The report cites a rising demand for resources, new technological advances, the depletion of fish stocks, climate change, and weak high seas governance as the most prominent reasons for the decline in the health of our oceans. It explains that the world’s immense growth in population-- reaching 7 billion people in November 2011-- has driven the demand for the ocean’s treasure trove of resources to naturally unsustainable levels. It warns that a failure to address climate change would have a calamitous effect on the world’s oceans, potentially wiping out as much as 60% of ocean species by 2050.
The report goes further than simply identifying the root causes of the ocean’s demise; it offers up a series of important steps, most notably Proposals 1 and 2, which would help remedy many of the ocean’s issues.

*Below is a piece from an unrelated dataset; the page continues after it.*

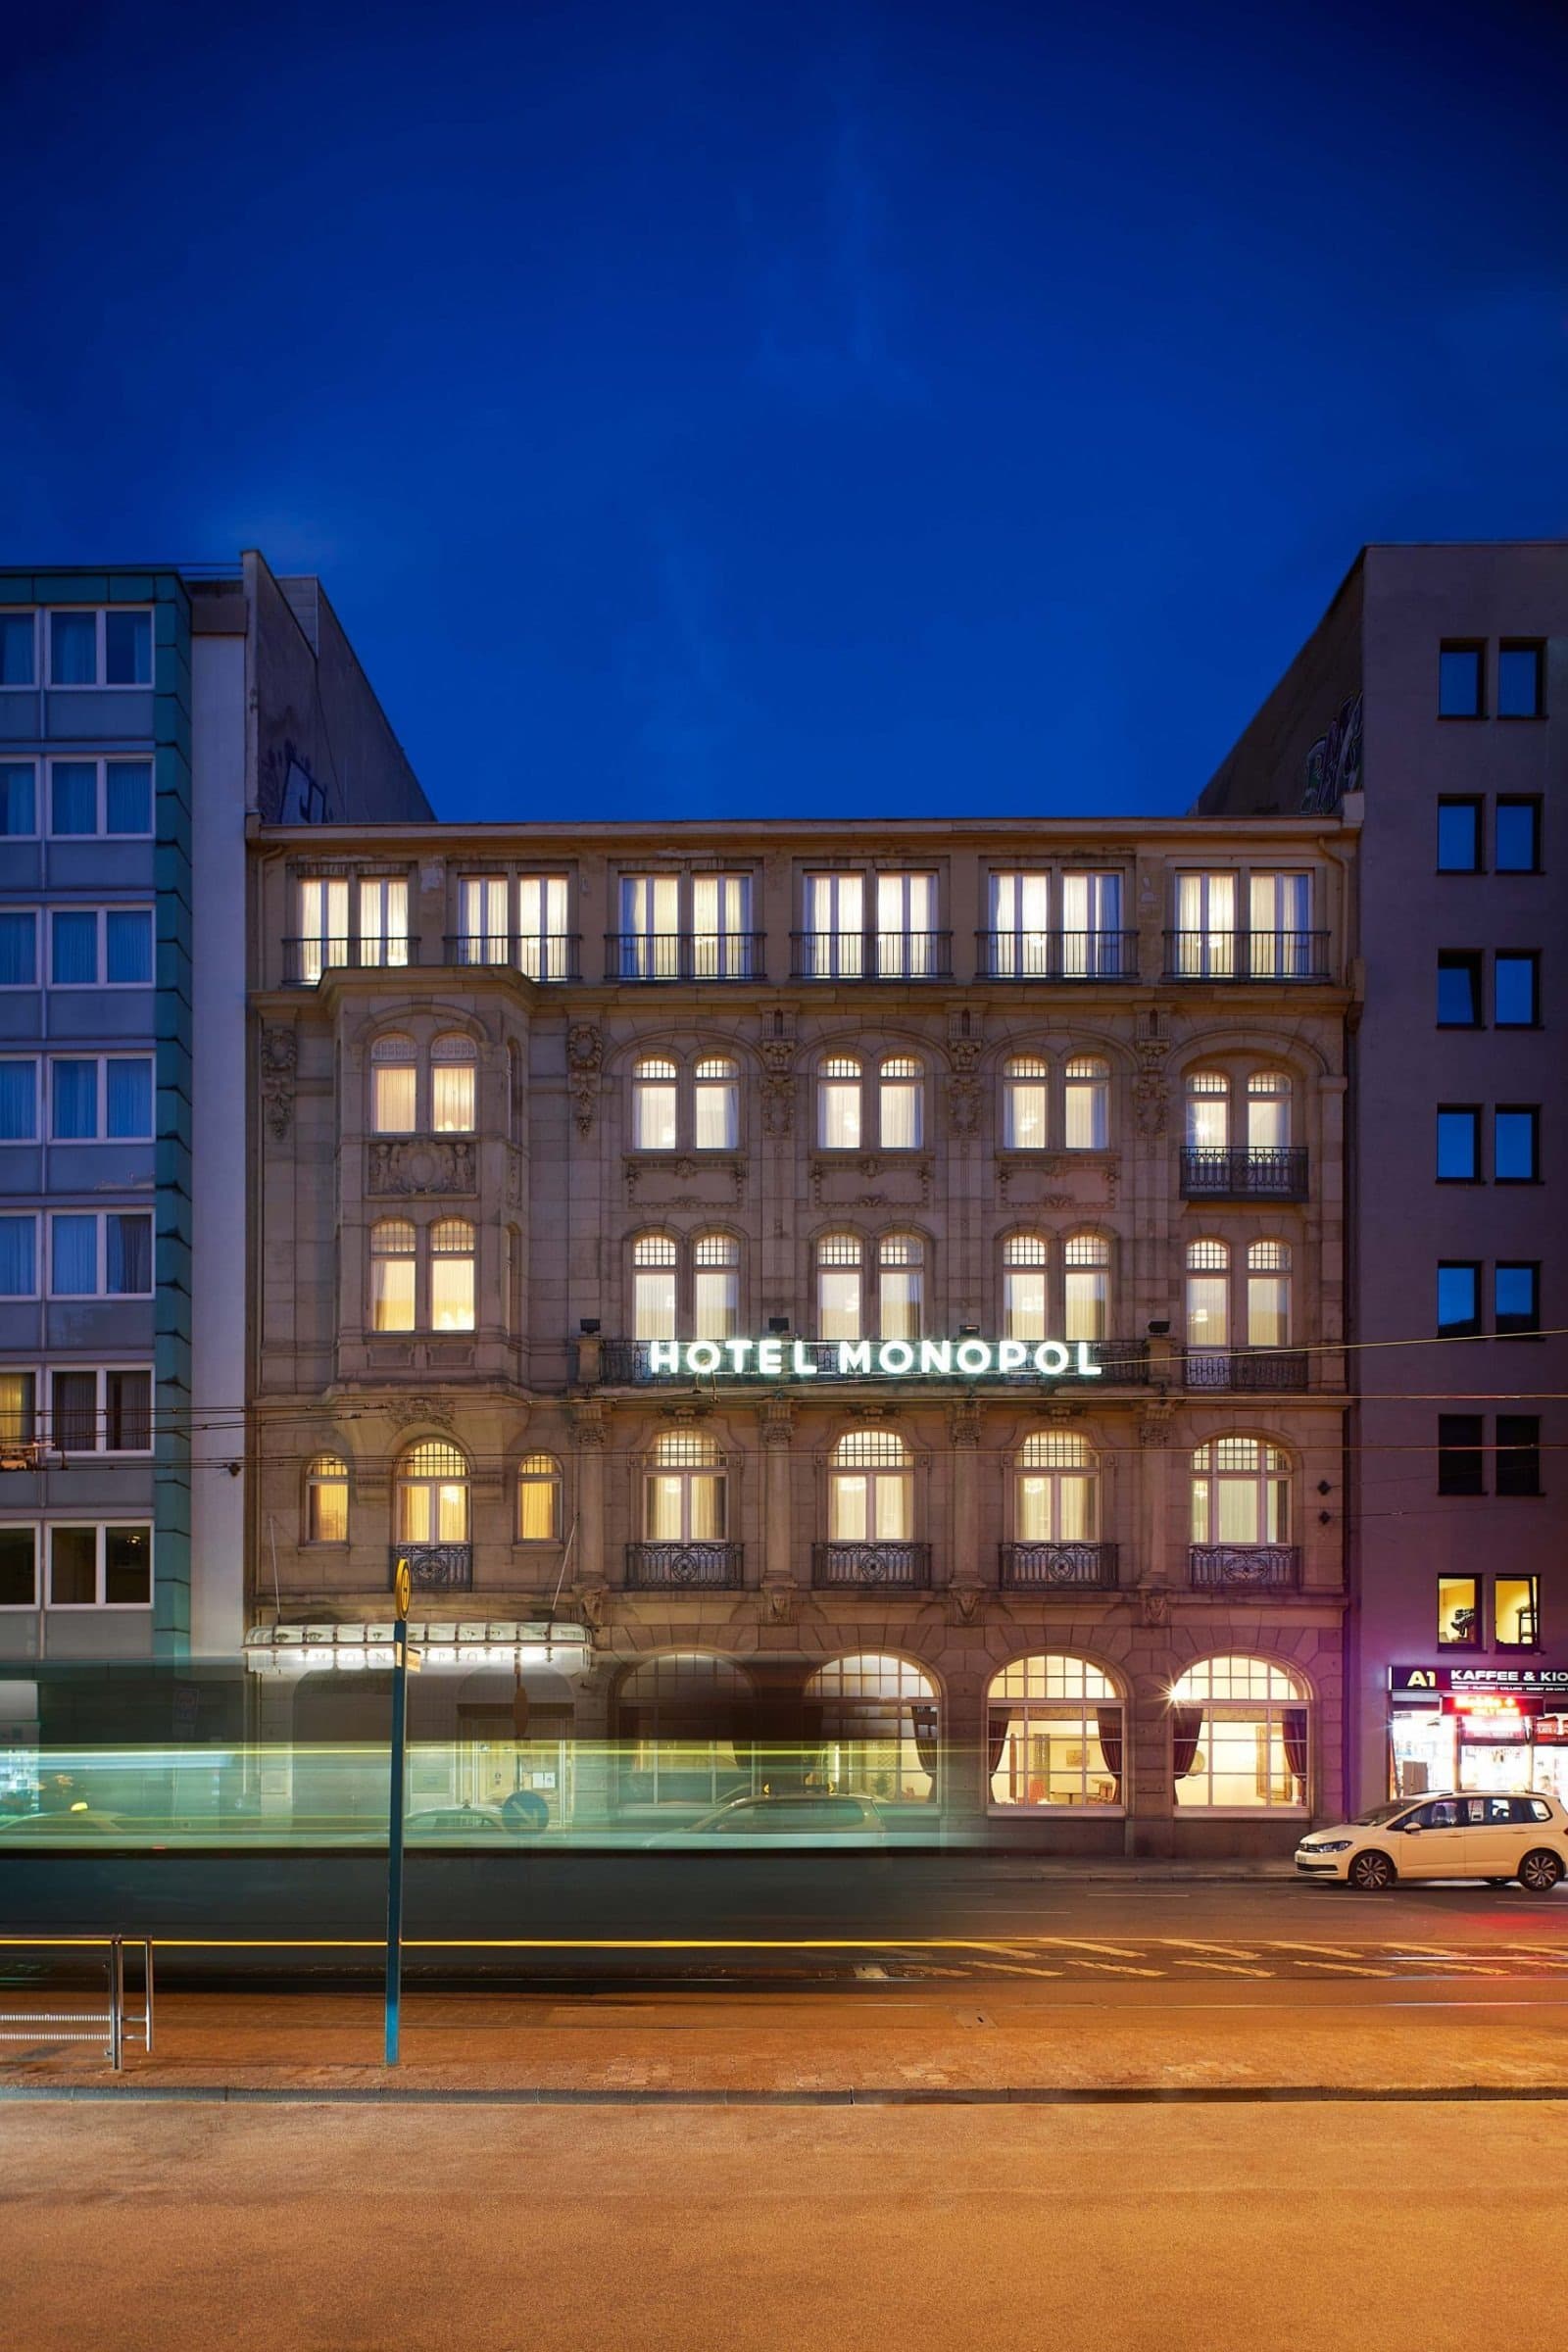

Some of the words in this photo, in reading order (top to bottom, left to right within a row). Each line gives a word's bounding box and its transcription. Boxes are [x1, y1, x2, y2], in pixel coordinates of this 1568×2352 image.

Proposal 1 advocates for the creation of a UN Sustainable Development Goal (SDG) as a means to help put the issue of our ocean’s health at the forefront of the post-2015 UN Development agenda. This action is vital to helping fix the ocean’s issues, as it would not only increase visibility and trigger resources to act, but also help the world to recognize that the “global ocean is an Earth system that needs to be addressed and managed as a single entity.”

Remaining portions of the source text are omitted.